*** Opening DATA FOR THIS TASK ***
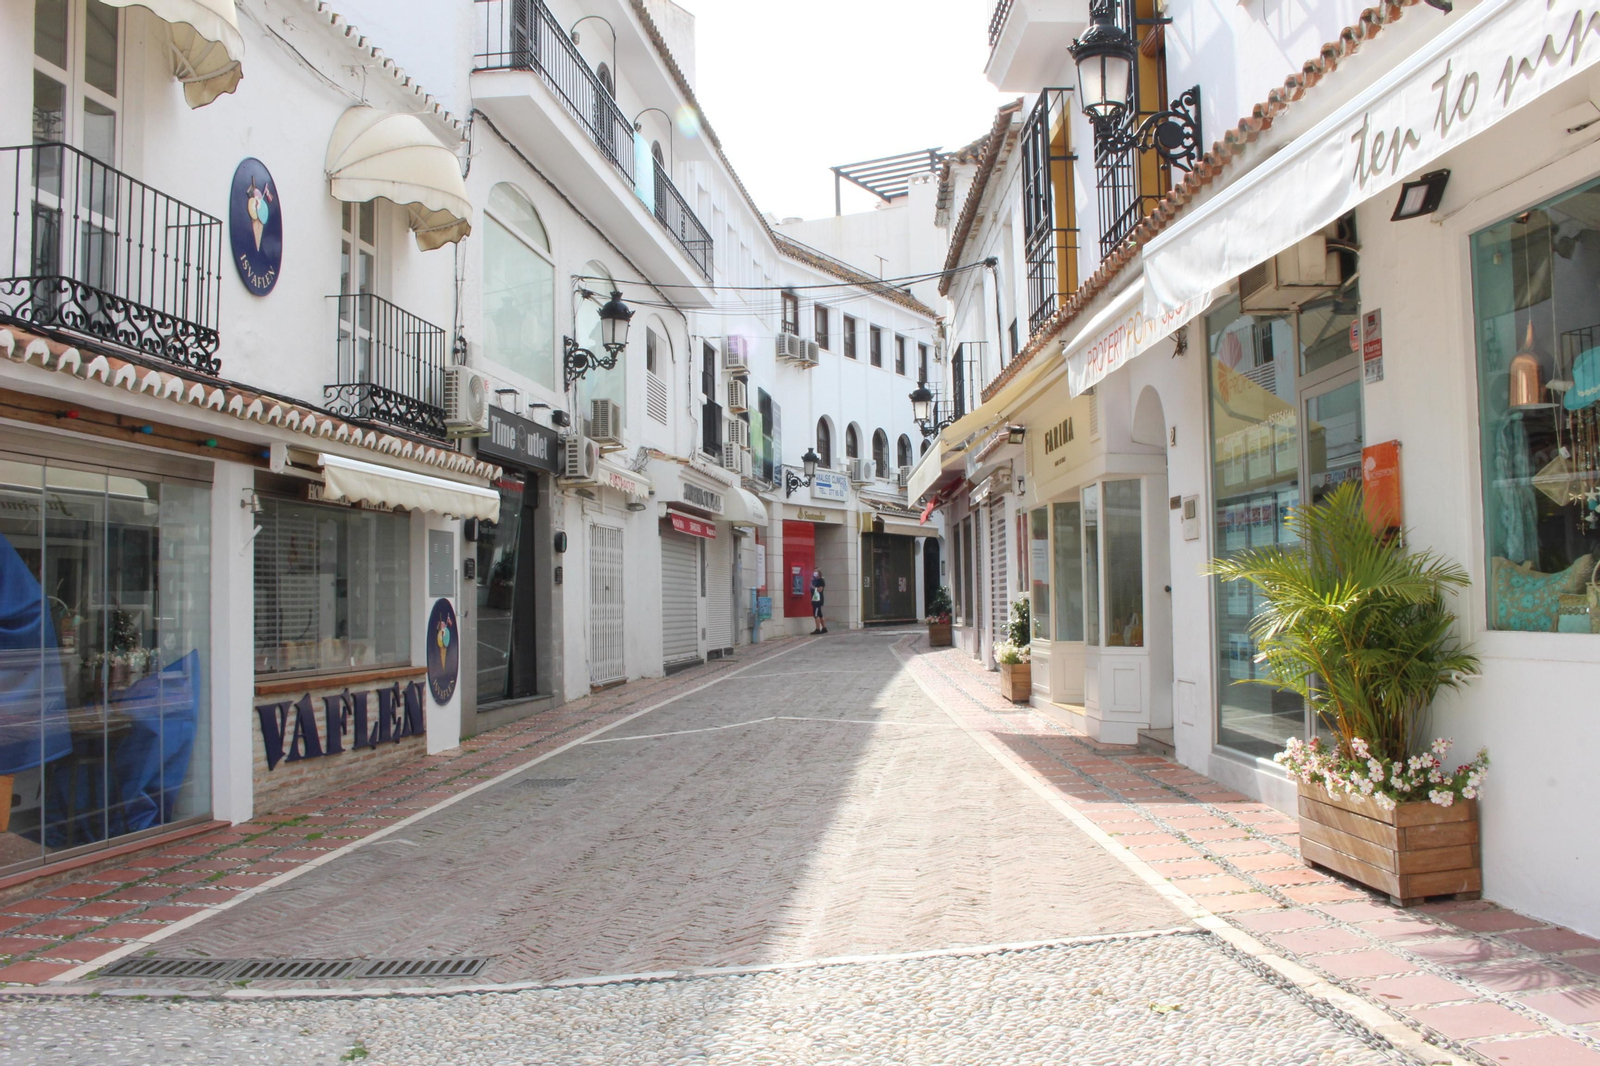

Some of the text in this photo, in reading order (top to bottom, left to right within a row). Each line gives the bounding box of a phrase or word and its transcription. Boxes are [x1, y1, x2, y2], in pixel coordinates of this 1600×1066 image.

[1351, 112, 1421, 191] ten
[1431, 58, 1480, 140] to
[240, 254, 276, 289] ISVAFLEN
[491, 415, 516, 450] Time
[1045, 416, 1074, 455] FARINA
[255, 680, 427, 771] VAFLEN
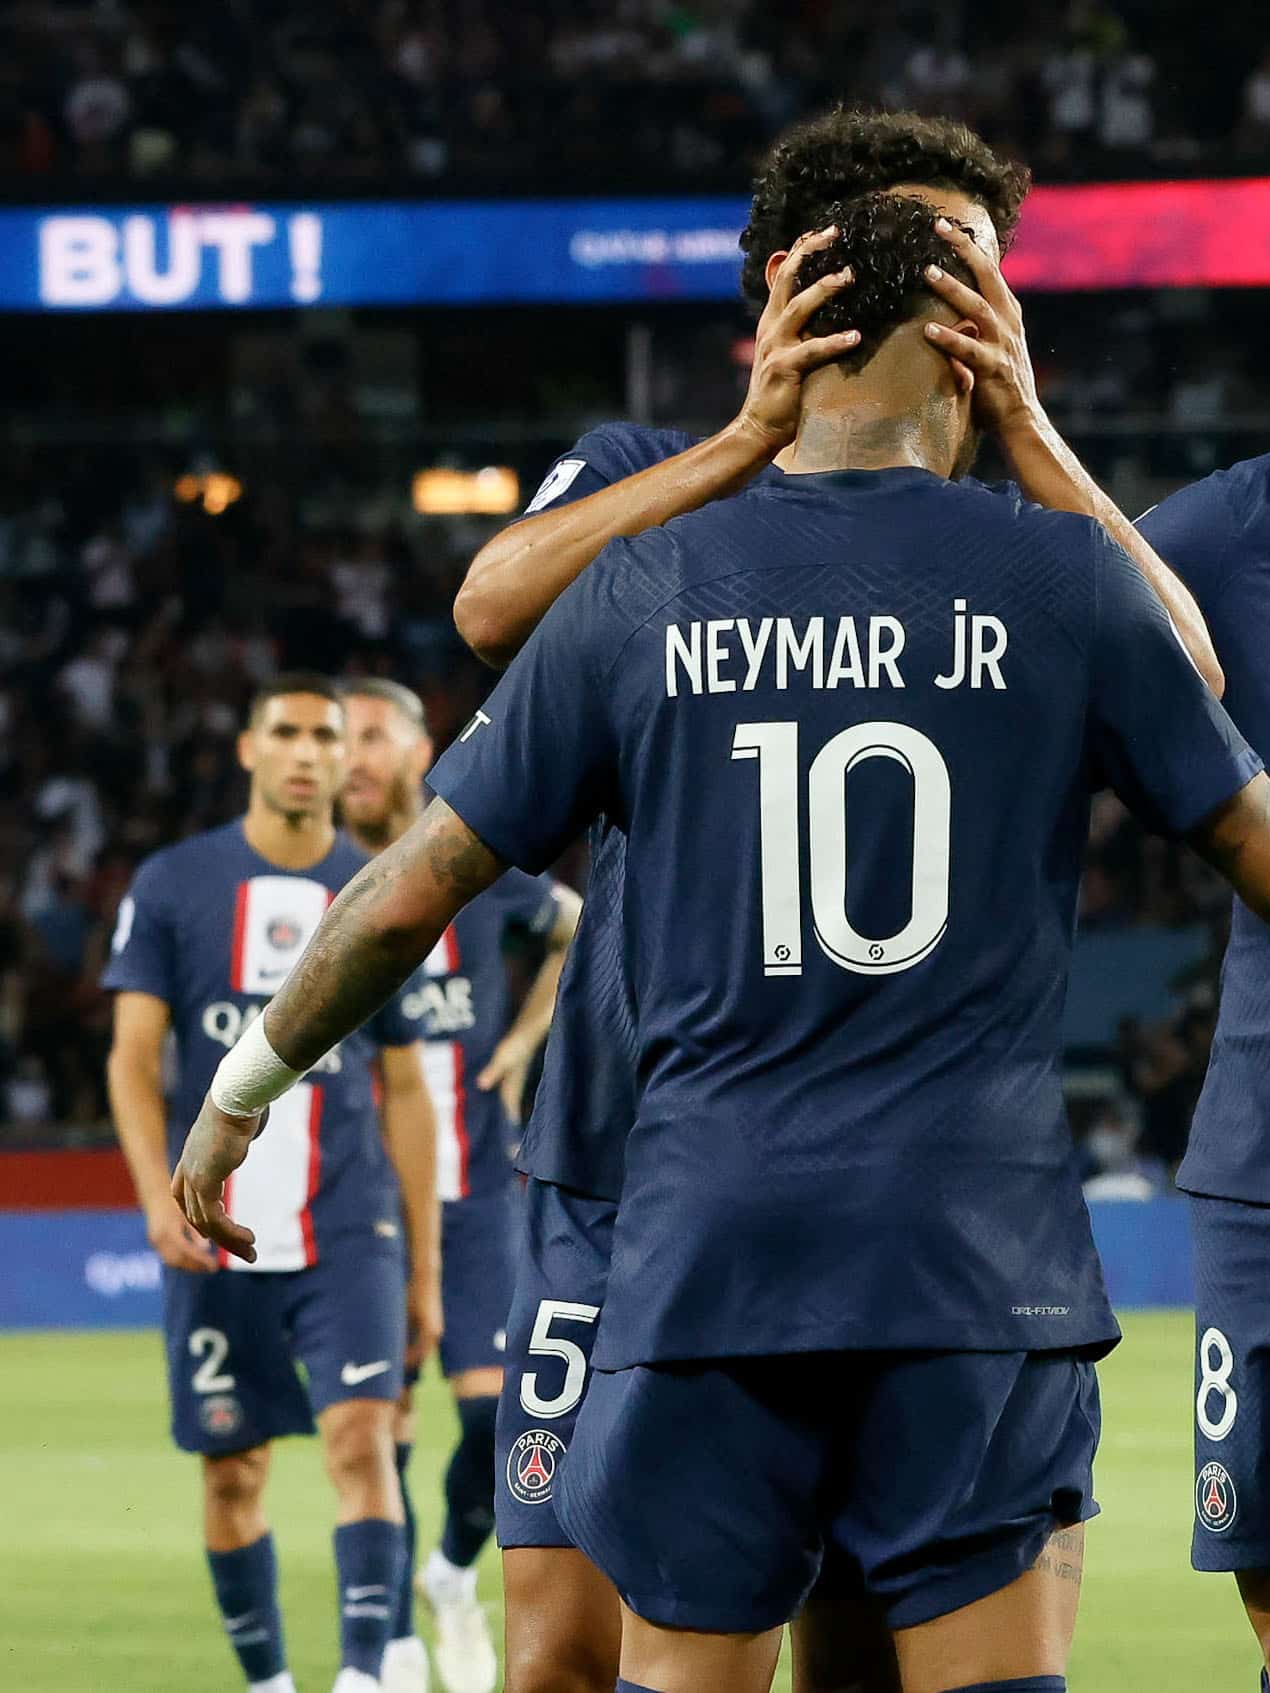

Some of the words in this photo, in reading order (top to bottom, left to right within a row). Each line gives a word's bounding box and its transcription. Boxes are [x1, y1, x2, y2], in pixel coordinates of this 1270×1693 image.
*** Closing DATA FOR THIS TASK ***
- TASK BRIEF
Send back the data above verbatim, leaving out its pictures.

- ANSWER TO THIS TASK
Some of the text in this photo, in reading order (top to bottom, left to right within a row). Each line gives the bounding box of a phrase or word and its transcription. Boxes are [x1, y1, x2, y2], in pixel coordinates of this 1600×1066 image.

[1351, 112, 1421, 191] ten
[1431, 58, 1480, 140] to
[240, 254, 276, 289] ISVAFLEN
[491, 415, 516, 450] Time
[1045, 416, 1074, 455] FARINA
[255, 680, 427, 771] VAFLEN

Some of the words in this photo, in reading order (top to bottom, left to right within a row). Each line gives a word's bounding box and its transcription. Boxes are [x1, y1, x2, y2], in pixel coordinates of this 1270×1693 image.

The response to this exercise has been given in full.